16      Par lettre du 28 février 2017, le PMO a notifié au requérant sa décision de procéder à la répétition des sommes qui lui avaient été indûment accordées au titre du versement litigieux (ci-après la « décision attaquée »).

17      Le 29 mai 2017, le requérant a saisi l’autorité habilitée à conclure les contrats d’engagement (AHCC) de la Commission d’une réclamation administrative contre la décision attaquée, au titre de l’article 90, paragraphe 2, du statut.

18      Par décision du 25 septembre 2017, l’AHCC a rejeté cette réclamation, au motif, en substance, que les conditions prévues à l’article 85 du statut pour la répétition de l’indu étaient remplies.

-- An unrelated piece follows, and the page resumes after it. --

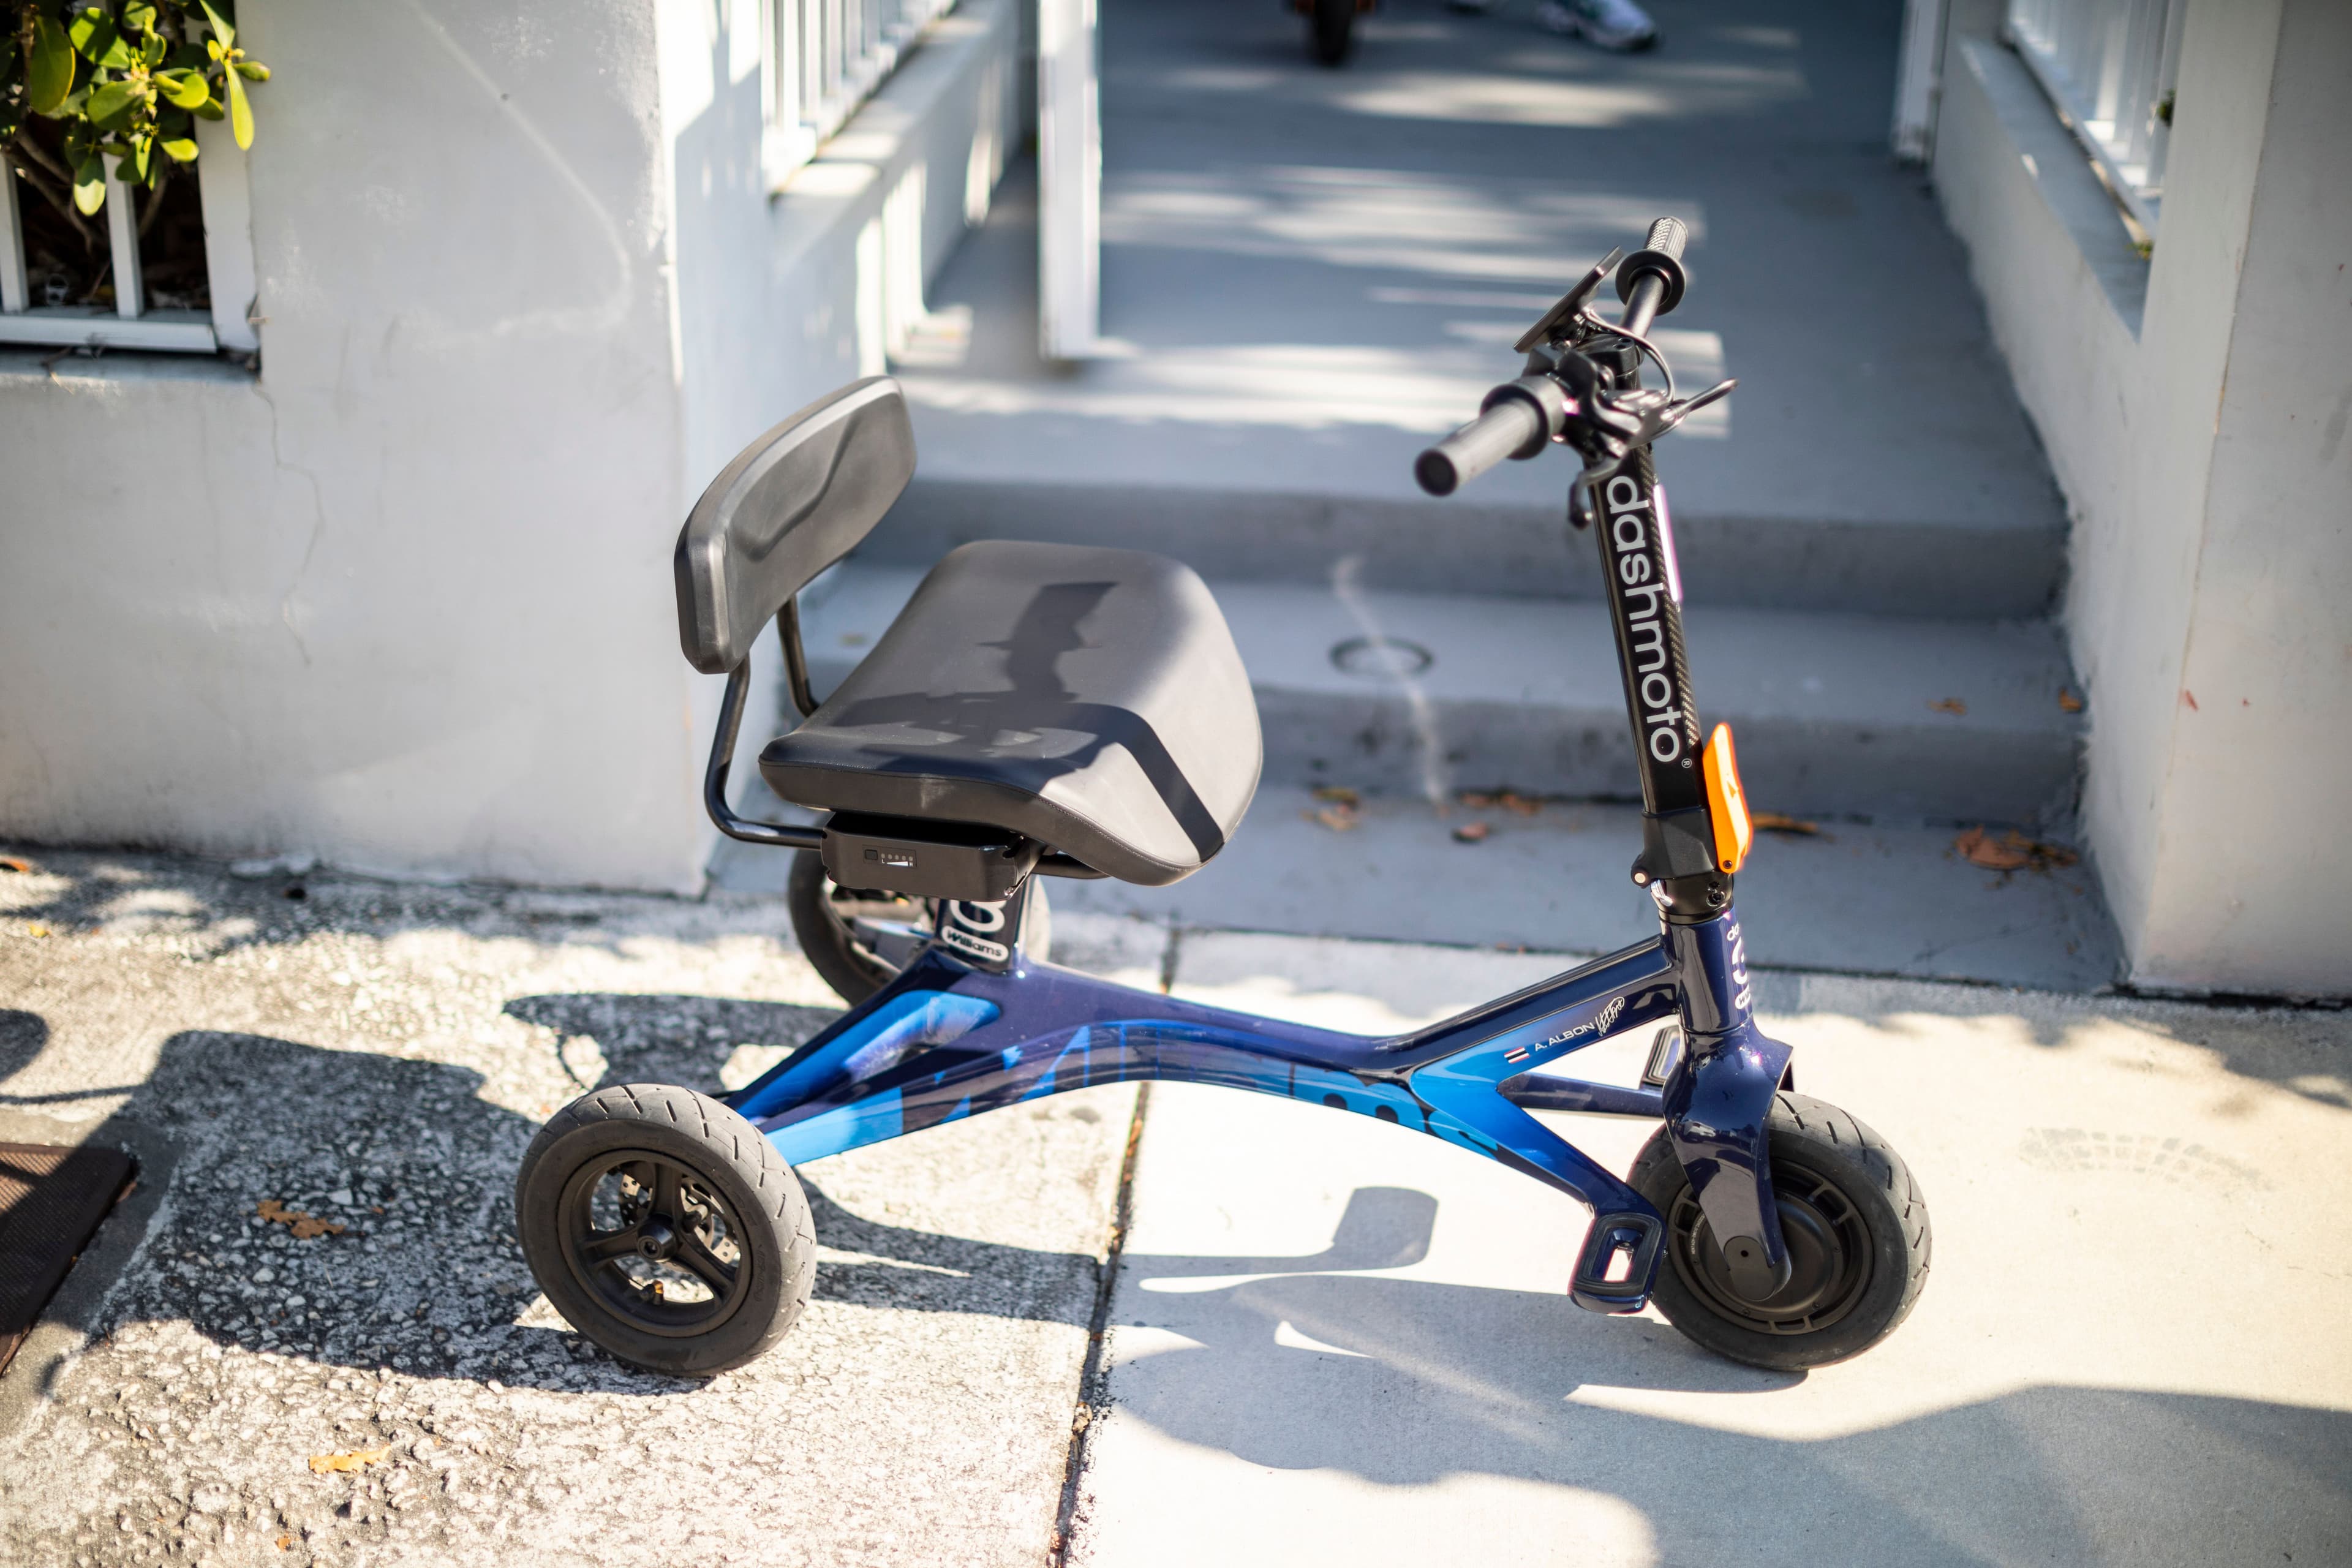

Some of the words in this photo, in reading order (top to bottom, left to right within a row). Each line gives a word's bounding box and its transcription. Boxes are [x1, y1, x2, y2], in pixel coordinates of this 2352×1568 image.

19      Par arrêt du 13 juillet 2018, Quadri di Cardano/Commission (T‑273/17, EU:T:2018:480), le Tribunal a rejeté le recours introduit par le requérant contre la décision du PMO du 19 juillet 2016 en ce qu’elle lui avait refusé l’indemnité de dépaysement lors de son entrée en service à l’INEA.

 Procédure et conclusions des parties

20      Par requête déposée au greffe du Tribunal le 22 décembre 2017, le requérant a introduit le présent recours.

21      Par décision du président de la deuxième chambre du Tribunal du 22 janvier 2018, la procédure a été suspendue jusqu’à la décision mettant fin à l’instance dans l’affaire enregistrée sous le numéro T‑273/17.

22      À la suite de l’arrêt du 13 juillet 2018, Quadri di Cardano/Commission (T‑273/17, EU:T:2018:480), la suspension de la procédure a pris fin, conformément à l’article 71, paragraphe 3, du règlement de procédure du Tribunal.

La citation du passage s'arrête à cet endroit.